The new program, announced June 9, passes the legal rally because it aims to improve diversity “in a very broad sense,” Lauer says. An NIH spokesperson notes that while the program “encourages” applications from researchers from underrepresented groups, “it is not exclusive – all new researchers and at-risk researchers are eligible to apply.” (The NIH defines “at risk” as a PI who will not have NIH grants if their high-quality proposal is not funded.) NIH officials also note that the program is part of the agency’s efforts. to comply with a congressional mandate to do more to support early career researchers seeking their first NIH grants.

All proposals to the new program will be reviewed with other R01s through standard review sections, but will then compete for special funding: up to $5 million per year for 12-15 grants each to NIDA and the NIMH, and up to $10 million. for 25 scholarships to NINDS.

Dzirasa sees the program achieving the same goal as last year’s NINDS policy: to allow program officers to fund grants from Blacks and other minorities who just missed the funding threshold for the regular grant pool. . “It gives them the opportunity to correct the biases they know are in their system,” he says.

Some researchers have concerns about the approach. According to addiction researcher Michael Taffe of the University of California, San Diego, one concern is that top-notch applications from black IPs that the NIH would have funded anyway will be moved into the special program, which could allow the agency to fund weaker proposals from white IPs, he says. “It’s less good than correcting the bias in the first place so that all open competitions are actually open and fair,” says Taffe.

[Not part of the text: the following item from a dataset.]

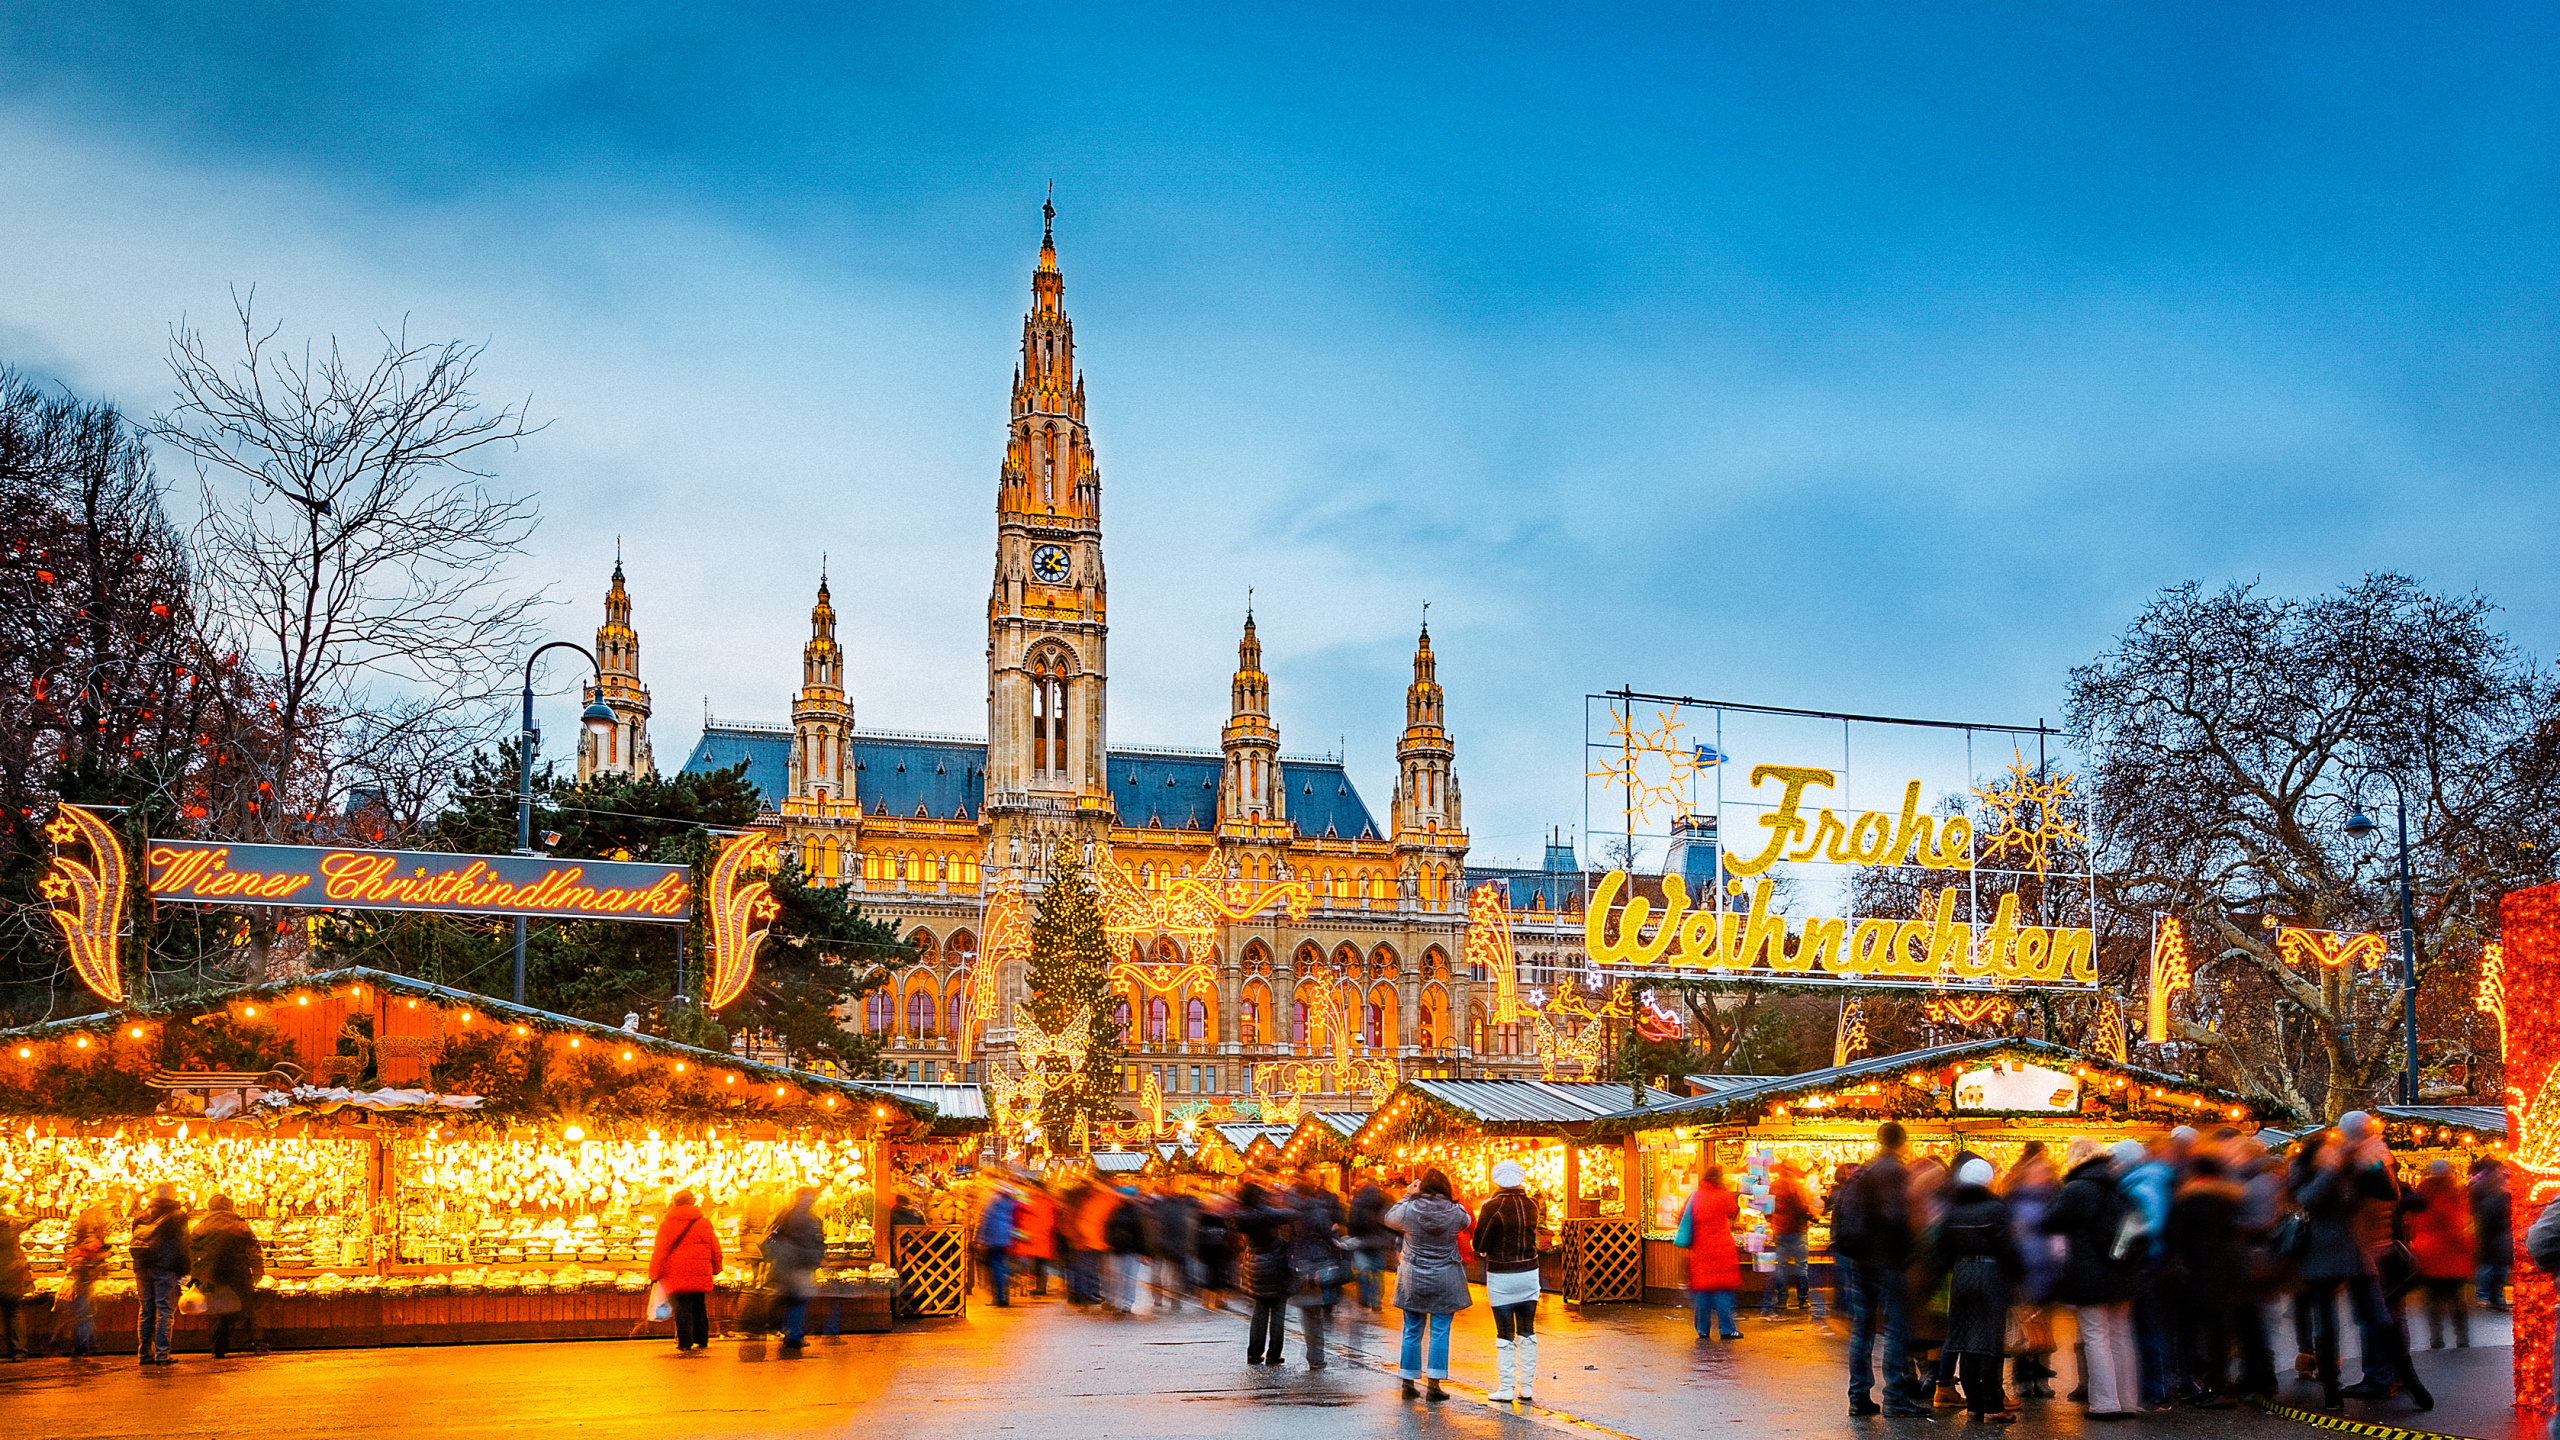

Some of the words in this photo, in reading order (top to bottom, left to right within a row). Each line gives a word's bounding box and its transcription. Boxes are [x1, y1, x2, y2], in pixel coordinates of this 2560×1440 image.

And Dzirasa says the program would be more effective if it were in place across NIH. “The NIH as a whole should engage,” he says.

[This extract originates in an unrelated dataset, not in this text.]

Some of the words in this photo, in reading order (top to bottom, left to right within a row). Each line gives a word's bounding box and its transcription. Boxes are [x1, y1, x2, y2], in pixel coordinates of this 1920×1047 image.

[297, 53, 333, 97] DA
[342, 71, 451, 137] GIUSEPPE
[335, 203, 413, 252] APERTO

As for the recent increase in funding rates for black scientists, Taffe thinks the most obvious explanation is that institutes are funding more grants from black scientists who have narrowly missed the payline. Lauer, however, notes that “any such analysis is going to be very difficult,” in part because not all institutes use strict paylines. Lauer also notes that there are so few black IPs overall — around 300 in 2021 — that even minor changes in grantmaking can have a large statistical impact.

Regardless of the numbers, “we don’t take a victory lap” when it comes to improving the diversity of NIH recipients, Bernard says. “We still have a lot of work to do.”